After the military action erupted in Gaza on the 10 May, the US Congress became the arena for an extraordinary conflict inside the Democrats. The opposition broke through with a stream of contributions from pro-Palestinian representatives, matched by a counter-stream of contributions from pro-Israeli Democrats. As Haaretz put it, on 31 May: “It was the most noteworthy demonstration of support for Palestine and criticisms of Israel ever to occur in the halls of Congress”. The same article attests to the depth of change, not just in the Democrats, but within the Jewish community in the US: “these progressive, pro-Palestinian lawmakers have strong support among many young American Jews, and many have Jewish staffers helping them craft the message and policy”.

On the 12 May, Democrats Sanders, Warren and Chris Van Hollen tabled a resolution for a ceasefire. 138 House Democrats, including both pro-Israeli and pro-Palestinian, issued a letter calling upon Biden to support a ceasefire, and take decisive action to end the violence. That day, Biden issued a statement on the need for a ceasefire, but “decisive action” it was not. What was decisive was his refusal on three occasions in one week, to support a UN Security Council statement calling for a ceasefire. Netanyahu was being allowed his war.

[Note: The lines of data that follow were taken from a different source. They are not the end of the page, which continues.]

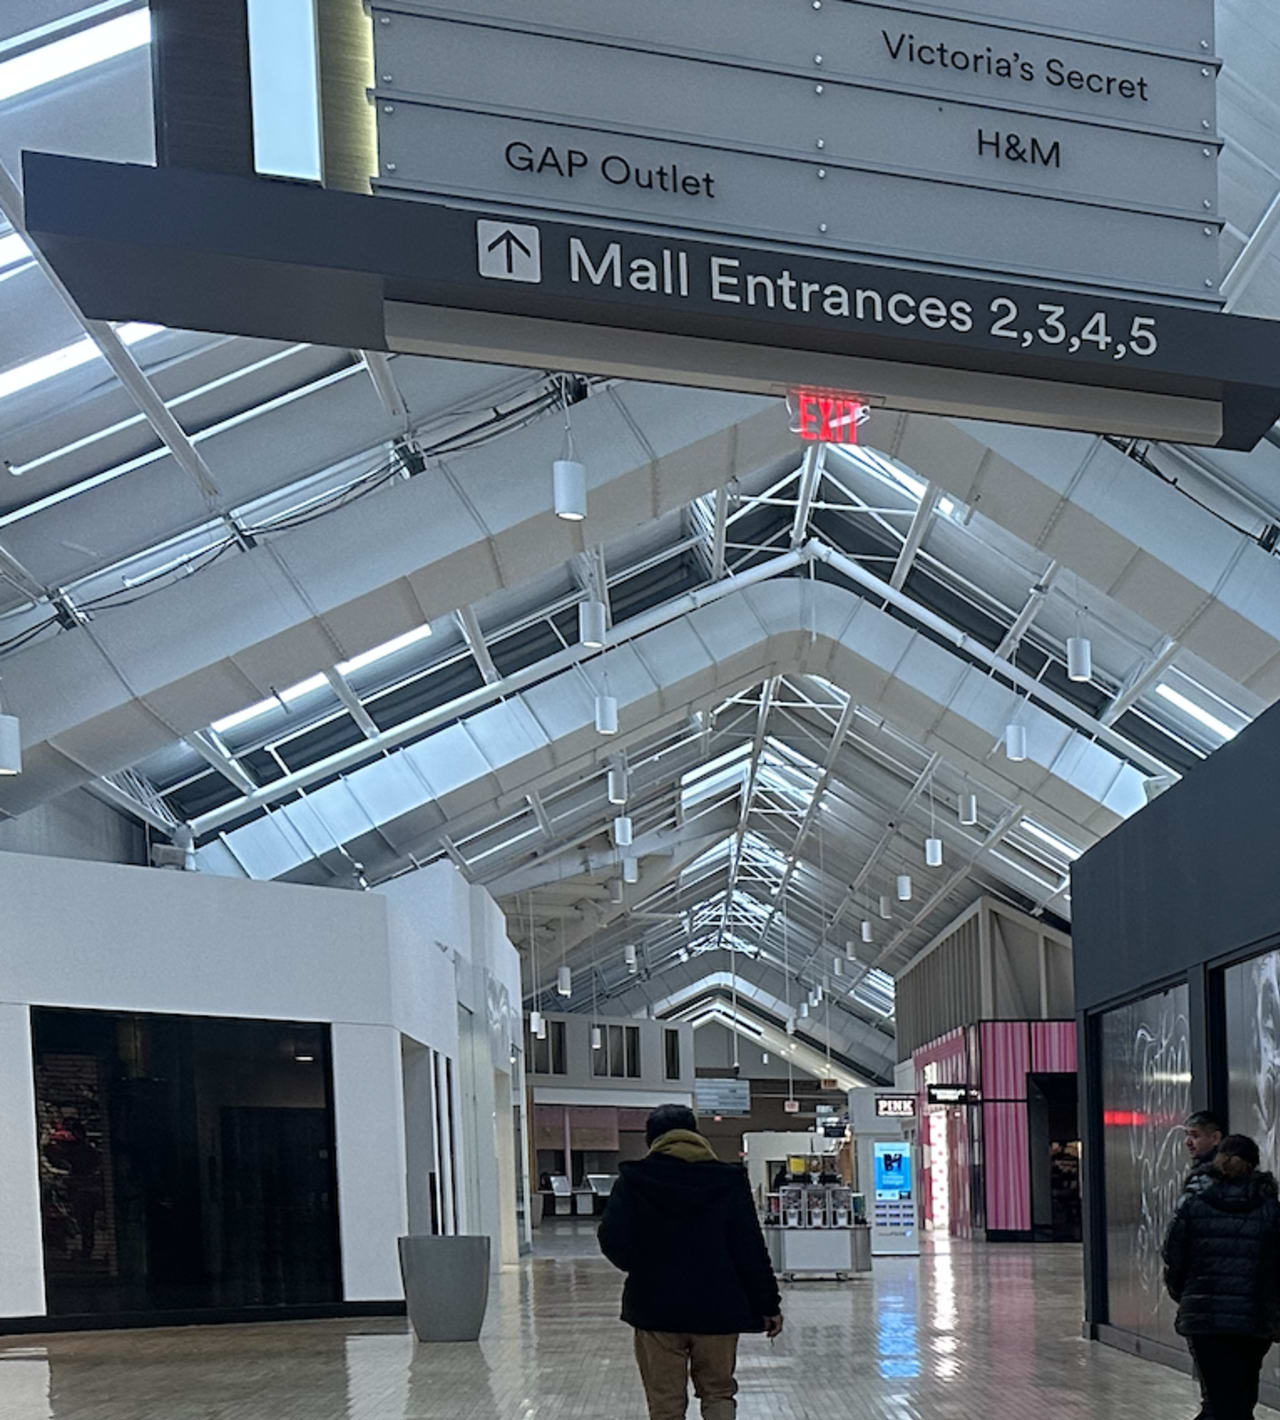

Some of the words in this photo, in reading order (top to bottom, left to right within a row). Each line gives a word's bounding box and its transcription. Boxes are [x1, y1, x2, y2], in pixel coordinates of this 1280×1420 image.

[881, 30, 1034, 81] Victoria's
[1045, 58, 1149, 101] Secret
[504, 141, 589, 177] GAP
[601, 155, 715, 198] Outlet
[977, 128, 1061, 168] H&M
[569, 237, 689, 297] Mall
[710, 256, 974, 332] Entrances
[989, 297, 1158, 360] 2,3,4,5
[799, 393, 861, 444] EXIT
[877, 1099, 914, 1112] PINK

On 16 May, 28 Democrat Senators and House Democrats issued calls for immediate ceasefire. Some disquiet from the government was clear, with Blinken tweeting, that day, that “violence must end immediately”. But on the 17th the US Ambassador to the UN stopped short of demanding a ceasefire in the UN Security Council.

On 18 May, details emerged that the administration had authorised a $735 million arms sales to Israel. In response, the House Foreign Relations Committee issued a letter to Biden asking him to halt the sale, pending a review. This was the first time US arms sales to Israel were officially brought into question by Congress. After pressure, the Committee withdrew the letter the following day. Resolutions were then tabled by Alexandria Ocasio-Cortez in the House, and by Bernie Sanders in the Senate, to block the sale. Again this initiative across Congress was unprecedented on the issue.

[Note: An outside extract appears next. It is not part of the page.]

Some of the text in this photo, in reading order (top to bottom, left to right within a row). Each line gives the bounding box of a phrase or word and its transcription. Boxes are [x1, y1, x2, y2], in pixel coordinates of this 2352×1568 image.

One hundred and forty House Democrats issued another statement demanding a ceasefire. Finally, the ceasefire was agreed with Egyptian and Qatari mediation. Netanyahu was finally reigned in. He proclaimed the campaign an “exceptional success”, just a few days before being ousted, or facing another election.

This chain of events demonstrates that the Palestinian rising has overturned any notion of an orderly, leisurely reset of US policy.

Changes in US society

Much of the momentum for the shake-up of the Democrats’ policy comes from shifts in how the US public views the Palestine/Israel issue. A poll published on 27 May, by the Arab American Institute, highlights the shifts.

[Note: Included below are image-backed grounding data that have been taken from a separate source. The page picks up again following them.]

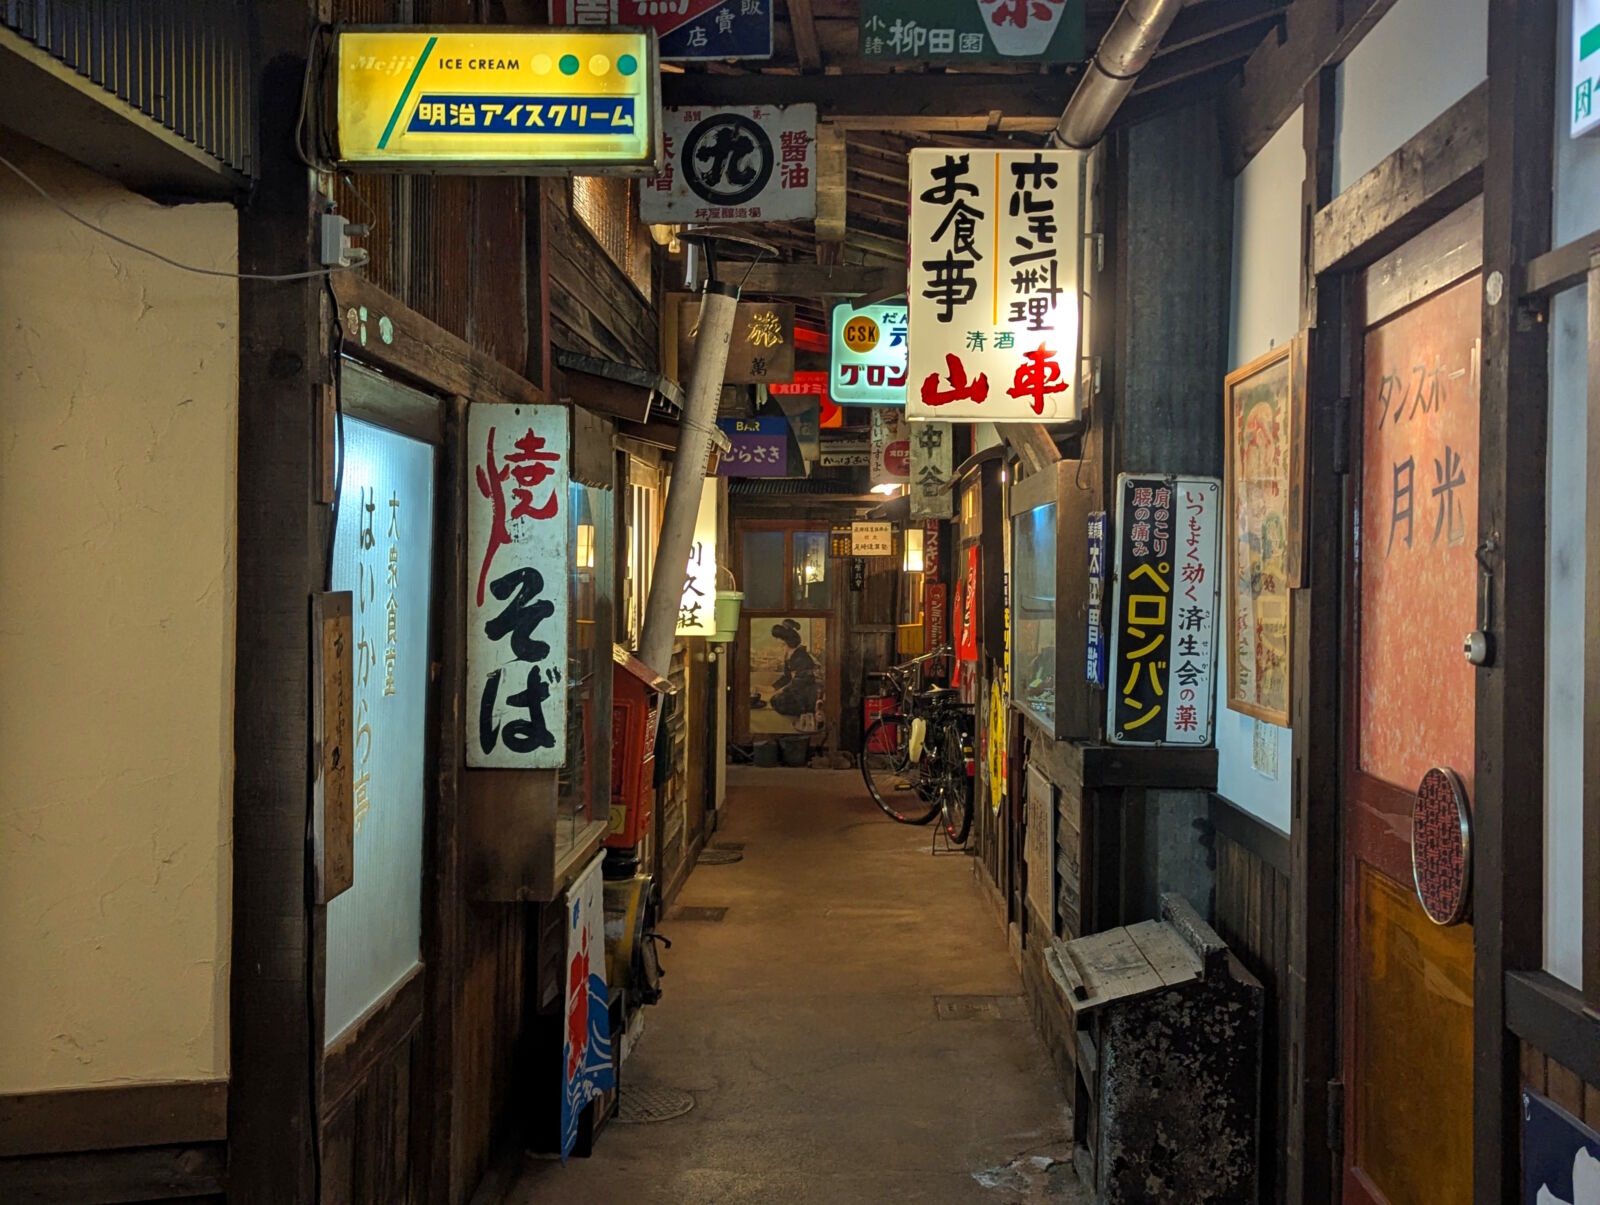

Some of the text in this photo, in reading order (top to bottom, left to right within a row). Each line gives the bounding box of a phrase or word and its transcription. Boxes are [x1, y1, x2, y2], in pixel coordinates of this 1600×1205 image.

[350, 55, 416, 77] Meiji
[439, 60, 520, 70] ICE CREAM
[418, 103, 635, 128] 明治アイスクリーム
[920, 153, 984, 323] お食事
[1009, 153, 1063, 331] ホルモン料理
[847, 326, 876, 342] CSK
[966, 330, 1015, 352] 清酒
[721, 445, 779, 463] むらさき
[736, 421, 760, 431] BAR
[914, 424, 945, 497] 中谷
[1131, 487, 1152, 557] 腰の痛み
[1151, 488, 1170, 557] 肩のこり
[1385, 445, 1467, 559] 月光
[476, 427, 562, 754] 焼そば
[1122, 562, 1170, 731] ペロンバン

Both Democrats and Republican voters have more favourable views than unfavourable views on Israel – Democrats 46% to 21%; Republicans 68% to 9%. But there is a difference on Palestine – Democrats 51% to 14%; and Republicans 30% to 40%. Note that the Democrats now view the Palestinians more favourably than they do Israelis, 51% and 46% respectively.

When asked should the Biden administration’s policy favour Israel, Palestinians or strike a balance, 25% prefer supporting Israel, 8% prefer supporting Palestine and 46% prefer a balanced policy. Among Democrats the issue is most pronounced, with 54% supporting a balanced policy, 16% supporting Israel, and 11% supporting Palestine.

When asked if the US should always side with Israel, or should act as a fair and impartial broker, 55% supported fair and impartial broker, with 27% for always siding with Israel. Democrats supported the former by 63% to 20%, while Republicans were divided 40% to 40%.

There were bipartisan responses too. When asked whether the two nations are “equal people deserving of equal rights”, 80% of Democrats supported, and 67% of Republicans agreed. Support for an independent Palestinian state alongside Israel registered Democrats 60% for and 7% against; with Republicans 38% in favour and 17% against.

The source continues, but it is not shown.